Peru plans to punish pedophiles, rapists with chemical castration

Chemical castration proposal criticised by Peru's health minister as well as by parents of victims, women's rights organisations

A general view of the Congress after Perus President Pedro Castillos swearing-in ceremony, in Lima, Peru July 28, 2021. —  Reuters
A general view of the Congress after Peru's President Pedro Castillo's swearing-in ceremony, in Lima, Peru July 28, 2021. —  Reuters

  • Peru's government will present bill to allow for chemical castration as penalty for raping minor.
  • Chemical castration proposal has been criticized by Peru's own health minister. 
  • This was proposed in 2018 as well but not implemented.

Peru's government will present a bill to allow for chemical castration as a penalty for raping a minor, Cabinet members told reporters on Wednesday, following national outrage over the rape of a three-year-old girl.

"We consider that this measure will be an additional penalty for those who commit rape," said Justice Minister Felix Chero.

He said the government hopes those who rape minors will serve prison time and be chemically castrated at the end of their sentences.

The move comes after a 48-year-old man was arrested earlier this month on suspicion of raping the three-year-old girl, who had to undergo surgery after the ordeal.

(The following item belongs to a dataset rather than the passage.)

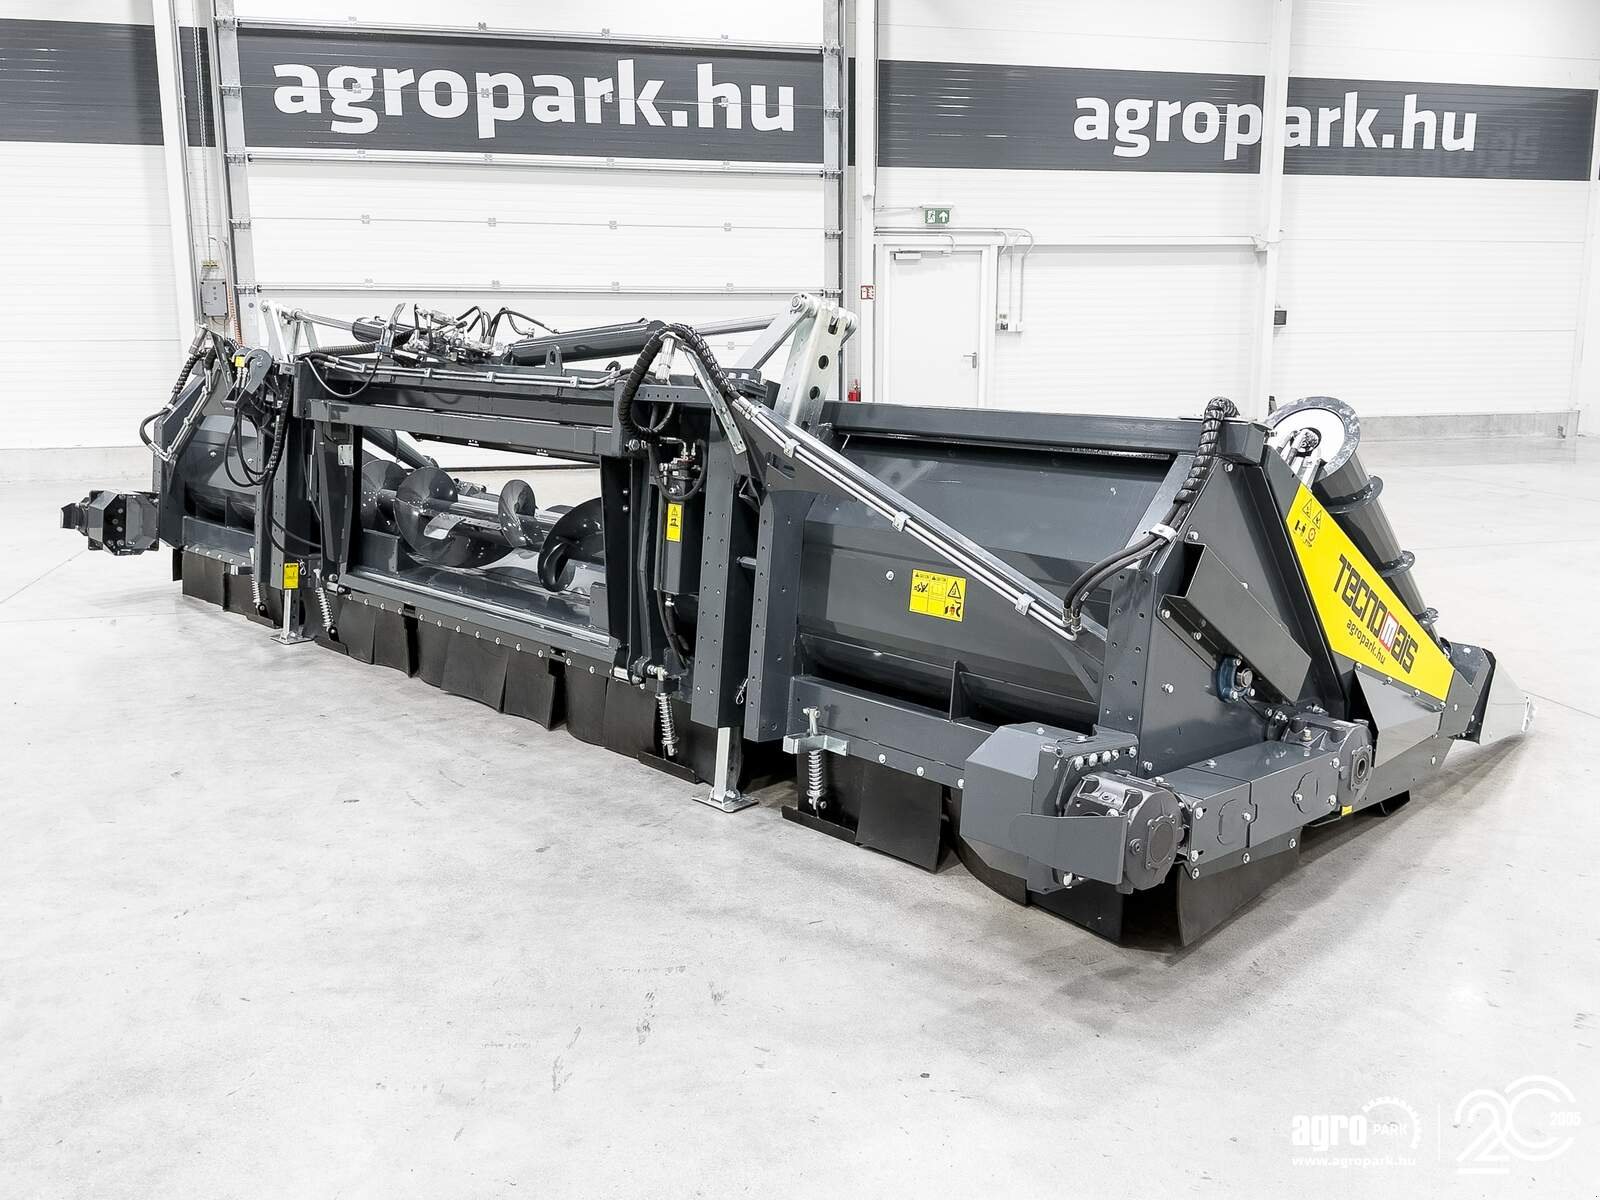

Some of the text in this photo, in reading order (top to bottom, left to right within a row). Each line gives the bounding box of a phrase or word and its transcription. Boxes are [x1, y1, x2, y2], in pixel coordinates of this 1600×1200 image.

[273, 59, 794, 139] agropark.hu
[1073, 91, 1477, 161] agropark.hu
[1347, 619, 1386, 665] agropark.hu

President Pedro Castillo, a socially conservative former schoolteacher, has been supportive of the bill, saying people who rape minors need to be punished in an exemplary fashion.

"We hope that Congress will back (the bill)," Castillo said earlier this week.

To become law, the bill will have to pass through Peru's opposition-controlled Congress. Conservatives make up the majority of lawmakers, including some who have made an alternative proposal to include the death penalty as punishment for the rape of a minor.

The chemical castration proposal has been criticised by Peru's own health minister Jorge Lopez, as well as by the parents of the victim and by women's rights organisations.

"We regret that the Executive does not understand sexual violence," women's rights group Flora Tristan said on Twitter. "What we need are measures to speed up judicial processes, to improve care, to combat impunity and strengthen prevention."

This is not the first time politicians have discussed the measure. In 2018, Congress pushed to include chemical castration as a penalty for those who violate children under 14 years of age. The proposal, however, was not implemented.